Input file named test.CAR
1/12/2009 00:00:05 01 34.51 1234.43 54.3 4321.5 55.4 3241.4
1/12/2009 00:00:10 02 34.51 1234.40 54.3 4321.52 55.4 3241.4
....
....
1/12/2009 00:10:05 99 36.51 4244.40 64.3 4421.52 85.4 4241.4
..
..
1/12/2009 00:20:10 100 44.51 1234.40 54.3 4321.52 55.4 3241.4
..
..
1/12/2009 00:30:10 199 54.51 1234.40 54.3 4321.52 55.4 3241.4
..
..
Output file named test.csv
1/12/2009 00:00:05 2.00 from (36.51-34.51)
1/12/2009 00:20:10 10.00 from (54.51-44.51)
..
..
Here is my code so far:
import csv
import math
test_filename='C:/Python33/test.CAR'
test_filename=open(test_filename,'r')
num_lines=sum(1 for line in open('test.CAR'))

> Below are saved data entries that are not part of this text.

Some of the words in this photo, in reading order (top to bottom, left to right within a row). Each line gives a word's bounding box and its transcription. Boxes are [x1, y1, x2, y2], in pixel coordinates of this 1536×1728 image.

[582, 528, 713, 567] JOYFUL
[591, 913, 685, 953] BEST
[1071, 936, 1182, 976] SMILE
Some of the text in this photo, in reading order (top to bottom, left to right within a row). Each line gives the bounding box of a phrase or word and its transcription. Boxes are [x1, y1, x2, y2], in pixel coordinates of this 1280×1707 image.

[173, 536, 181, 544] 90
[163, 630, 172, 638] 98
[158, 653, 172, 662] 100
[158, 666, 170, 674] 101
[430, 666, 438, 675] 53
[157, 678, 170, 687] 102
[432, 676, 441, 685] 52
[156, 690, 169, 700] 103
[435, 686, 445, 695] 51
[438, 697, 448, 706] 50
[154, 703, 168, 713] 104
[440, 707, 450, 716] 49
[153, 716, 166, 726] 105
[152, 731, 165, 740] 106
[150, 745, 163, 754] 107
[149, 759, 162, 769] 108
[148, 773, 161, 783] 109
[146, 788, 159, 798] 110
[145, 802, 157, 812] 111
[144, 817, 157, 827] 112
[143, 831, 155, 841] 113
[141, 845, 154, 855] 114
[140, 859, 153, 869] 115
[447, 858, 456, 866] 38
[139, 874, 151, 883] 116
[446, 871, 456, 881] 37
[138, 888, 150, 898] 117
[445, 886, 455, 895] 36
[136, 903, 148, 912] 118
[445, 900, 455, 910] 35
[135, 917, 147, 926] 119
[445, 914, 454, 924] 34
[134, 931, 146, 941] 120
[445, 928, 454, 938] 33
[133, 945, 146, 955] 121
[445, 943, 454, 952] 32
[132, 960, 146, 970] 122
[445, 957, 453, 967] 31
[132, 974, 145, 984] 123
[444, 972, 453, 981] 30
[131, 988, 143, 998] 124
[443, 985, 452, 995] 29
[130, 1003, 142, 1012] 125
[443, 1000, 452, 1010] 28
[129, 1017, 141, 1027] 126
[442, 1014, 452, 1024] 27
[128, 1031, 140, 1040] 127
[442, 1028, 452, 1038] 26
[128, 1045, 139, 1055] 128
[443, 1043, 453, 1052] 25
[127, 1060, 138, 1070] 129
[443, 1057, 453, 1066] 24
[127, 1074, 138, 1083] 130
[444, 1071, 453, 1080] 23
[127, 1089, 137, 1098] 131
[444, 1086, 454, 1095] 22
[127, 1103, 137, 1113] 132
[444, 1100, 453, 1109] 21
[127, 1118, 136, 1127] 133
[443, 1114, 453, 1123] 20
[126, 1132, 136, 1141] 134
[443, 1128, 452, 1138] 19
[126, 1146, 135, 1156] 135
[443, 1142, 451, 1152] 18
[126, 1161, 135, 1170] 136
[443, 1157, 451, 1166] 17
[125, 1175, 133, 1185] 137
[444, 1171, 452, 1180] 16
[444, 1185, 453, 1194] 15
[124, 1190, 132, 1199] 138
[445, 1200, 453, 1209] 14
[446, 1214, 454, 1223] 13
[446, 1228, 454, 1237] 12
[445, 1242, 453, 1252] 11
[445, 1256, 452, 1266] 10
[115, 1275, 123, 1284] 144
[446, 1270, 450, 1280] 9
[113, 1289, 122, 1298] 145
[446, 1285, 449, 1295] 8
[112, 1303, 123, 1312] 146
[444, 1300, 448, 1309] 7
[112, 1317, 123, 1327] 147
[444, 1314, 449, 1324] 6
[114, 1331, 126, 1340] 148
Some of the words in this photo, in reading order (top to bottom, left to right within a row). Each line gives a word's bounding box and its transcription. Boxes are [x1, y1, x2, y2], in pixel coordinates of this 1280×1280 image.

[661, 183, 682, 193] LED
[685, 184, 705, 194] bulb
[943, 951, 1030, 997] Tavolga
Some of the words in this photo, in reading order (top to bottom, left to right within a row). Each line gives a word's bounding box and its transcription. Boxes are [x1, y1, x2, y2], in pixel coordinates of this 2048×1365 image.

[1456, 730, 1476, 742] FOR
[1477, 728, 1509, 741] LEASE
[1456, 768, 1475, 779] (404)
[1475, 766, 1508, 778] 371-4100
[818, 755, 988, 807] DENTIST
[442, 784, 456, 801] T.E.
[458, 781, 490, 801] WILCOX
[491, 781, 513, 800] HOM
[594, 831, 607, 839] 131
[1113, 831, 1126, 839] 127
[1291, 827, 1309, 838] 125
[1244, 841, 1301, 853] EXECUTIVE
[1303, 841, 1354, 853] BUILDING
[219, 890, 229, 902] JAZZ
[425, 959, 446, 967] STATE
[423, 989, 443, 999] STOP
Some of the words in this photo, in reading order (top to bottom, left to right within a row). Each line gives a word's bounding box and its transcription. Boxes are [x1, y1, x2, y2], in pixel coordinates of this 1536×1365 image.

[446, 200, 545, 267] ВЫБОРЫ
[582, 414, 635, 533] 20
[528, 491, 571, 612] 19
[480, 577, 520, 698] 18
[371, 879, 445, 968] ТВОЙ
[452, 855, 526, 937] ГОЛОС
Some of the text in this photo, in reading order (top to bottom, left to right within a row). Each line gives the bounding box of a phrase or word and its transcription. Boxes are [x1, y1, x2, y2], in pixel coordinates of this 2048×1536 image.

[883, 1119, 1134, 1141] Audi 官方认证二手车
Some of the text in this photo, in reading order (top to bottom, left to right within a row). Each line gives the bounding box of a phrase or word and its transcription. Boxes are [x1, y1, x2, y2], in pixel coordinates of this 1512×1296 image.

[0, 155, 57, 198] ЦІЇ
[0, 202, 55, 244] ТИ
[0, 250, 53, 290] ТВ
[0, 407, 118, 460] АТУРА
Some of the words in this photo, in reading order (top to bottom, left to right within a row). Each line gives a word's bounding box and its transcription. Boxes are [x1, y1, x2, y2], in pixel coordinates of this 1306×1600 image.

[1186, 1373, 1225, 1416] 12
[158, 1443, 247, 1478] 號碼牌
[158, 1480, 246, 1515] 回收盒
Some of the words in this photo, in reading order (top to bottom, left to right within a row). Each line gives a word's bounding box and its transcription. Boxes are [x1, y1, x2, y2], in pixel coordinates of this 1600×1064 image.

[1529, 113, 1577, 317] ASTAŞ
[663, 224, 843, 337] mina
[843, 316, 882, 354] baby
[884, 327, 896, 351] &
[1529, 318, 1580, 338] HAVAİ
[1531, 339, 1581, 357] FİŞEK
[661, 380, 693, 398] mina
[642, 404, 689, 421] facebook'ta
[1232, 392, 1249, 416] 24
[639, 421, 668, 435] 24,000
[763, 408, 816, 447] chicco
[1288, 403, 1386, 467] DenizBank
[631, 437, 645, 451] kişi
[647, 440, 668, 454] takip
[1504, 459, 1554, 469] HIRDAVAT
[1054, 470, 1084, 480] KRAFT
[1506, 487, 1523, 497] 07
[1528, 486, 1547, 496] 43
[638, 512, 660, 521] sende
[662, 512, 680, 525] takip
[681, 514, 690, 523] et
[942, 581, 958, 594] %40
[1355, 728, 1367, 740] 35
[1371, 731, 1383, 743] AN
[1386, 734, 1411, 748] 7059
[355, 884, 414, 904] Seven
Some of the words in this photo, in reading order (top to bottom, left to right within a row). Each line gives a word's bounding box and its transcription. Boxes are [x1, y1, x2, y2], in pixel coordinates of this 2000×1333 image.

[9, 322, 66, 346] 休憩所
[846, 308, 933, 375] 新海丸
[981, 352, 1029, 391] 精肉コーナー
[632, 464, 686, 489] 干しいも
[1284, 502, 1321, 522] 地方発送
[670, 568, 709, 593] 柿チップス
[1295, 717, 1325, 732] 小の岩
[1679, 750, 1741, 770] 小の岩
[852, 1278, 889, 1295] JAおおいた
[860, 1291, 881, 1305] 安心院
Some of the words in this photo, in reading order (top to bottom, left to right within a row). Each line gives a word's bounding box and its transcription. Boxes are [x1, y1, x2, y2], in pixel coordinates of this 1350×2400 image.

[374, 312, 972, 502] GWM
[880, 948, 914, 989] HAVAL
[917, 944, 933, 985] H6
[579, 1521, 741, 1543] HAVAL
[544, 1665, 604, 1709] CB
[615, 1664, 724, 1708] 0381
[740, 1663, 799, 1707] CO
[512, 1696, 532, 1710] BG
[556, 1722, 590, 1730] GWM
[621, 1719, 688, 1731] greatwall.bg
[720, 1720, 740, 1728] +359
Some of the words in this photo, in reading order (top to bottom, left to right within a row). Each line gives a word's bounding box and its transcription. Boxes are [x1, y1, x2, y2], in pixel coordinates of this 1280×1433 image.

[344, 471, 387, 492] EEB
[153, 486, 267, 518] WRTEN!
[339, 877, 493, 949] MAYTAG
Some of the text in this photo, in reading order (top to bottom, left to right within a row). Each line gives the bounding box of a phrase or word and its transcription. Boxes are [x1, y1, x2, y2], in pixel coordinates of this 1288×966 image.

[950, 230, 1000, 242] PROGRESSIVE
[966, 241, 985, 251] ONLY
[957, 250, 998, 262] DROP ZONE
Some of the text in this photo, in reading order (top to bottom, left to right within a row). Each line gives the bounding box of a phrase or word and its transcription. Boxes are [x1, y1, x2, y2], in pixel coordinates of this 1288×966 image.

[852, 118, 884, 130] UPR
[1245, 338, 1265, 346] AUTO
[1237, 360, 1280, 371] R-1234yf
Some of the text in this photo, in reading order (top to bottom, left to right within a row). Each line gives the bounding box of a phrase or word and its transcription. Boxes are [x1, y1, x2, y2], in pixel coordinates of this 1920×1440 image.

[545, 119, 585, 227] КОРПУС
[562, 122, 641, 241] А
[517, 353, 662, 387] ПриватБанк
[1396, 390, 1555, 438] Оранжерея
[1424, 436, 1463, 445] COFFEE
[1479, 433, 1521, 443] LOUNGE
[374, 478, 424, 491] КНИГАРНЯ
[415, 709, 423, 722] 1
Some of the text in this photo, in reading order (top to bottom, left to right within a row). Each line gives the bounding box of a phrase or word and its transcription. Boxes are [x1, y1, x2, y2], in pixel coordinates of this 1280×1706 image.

with open('test.csv','w',newline='')as fp:
w=csv.writer(fp,delimiter=',')
atad=[['DATE','TIME','NUMBER']]
w.writerows(atad)
a=0 #to set the first row
d=98 ## to set the 99th row
for i in range (1,(num_lines+1)):
b=test_filename.readline()
date=(b[0:10]) ## to capture the date in 1st column
time=(b[12:19]) ## to capture the time in 2nd column
y=b[24:30] ## to capture the number I want in 4th column
number=y(d)-y(a) ## to subtract the specific number on 1st from 99th column
data=[[date,time,number]]
w.writerows(data)
a=a+98 ## counter to change 1st number to the 100th and so on
d=d+98 ## counter to change 99th number to the 199th and so on
test_filename.close()
The code is not working and I appreciate your help. Thanks!
Upvotes: 1
Views: 1637
Reputation: 1285
Without commenting/changing any of the style choices, the reason your program doesn't work is that you access values in the list y
that are not yet filled in.
Additionally, you read the numbers from the file, but at that point they are still saved as a string.
import csv
import math
test_filename='C:/Python33/test.CAR'
test_filename=open(test_filename,'r')
num_lines=sum(1 for line in open('test.CAR'))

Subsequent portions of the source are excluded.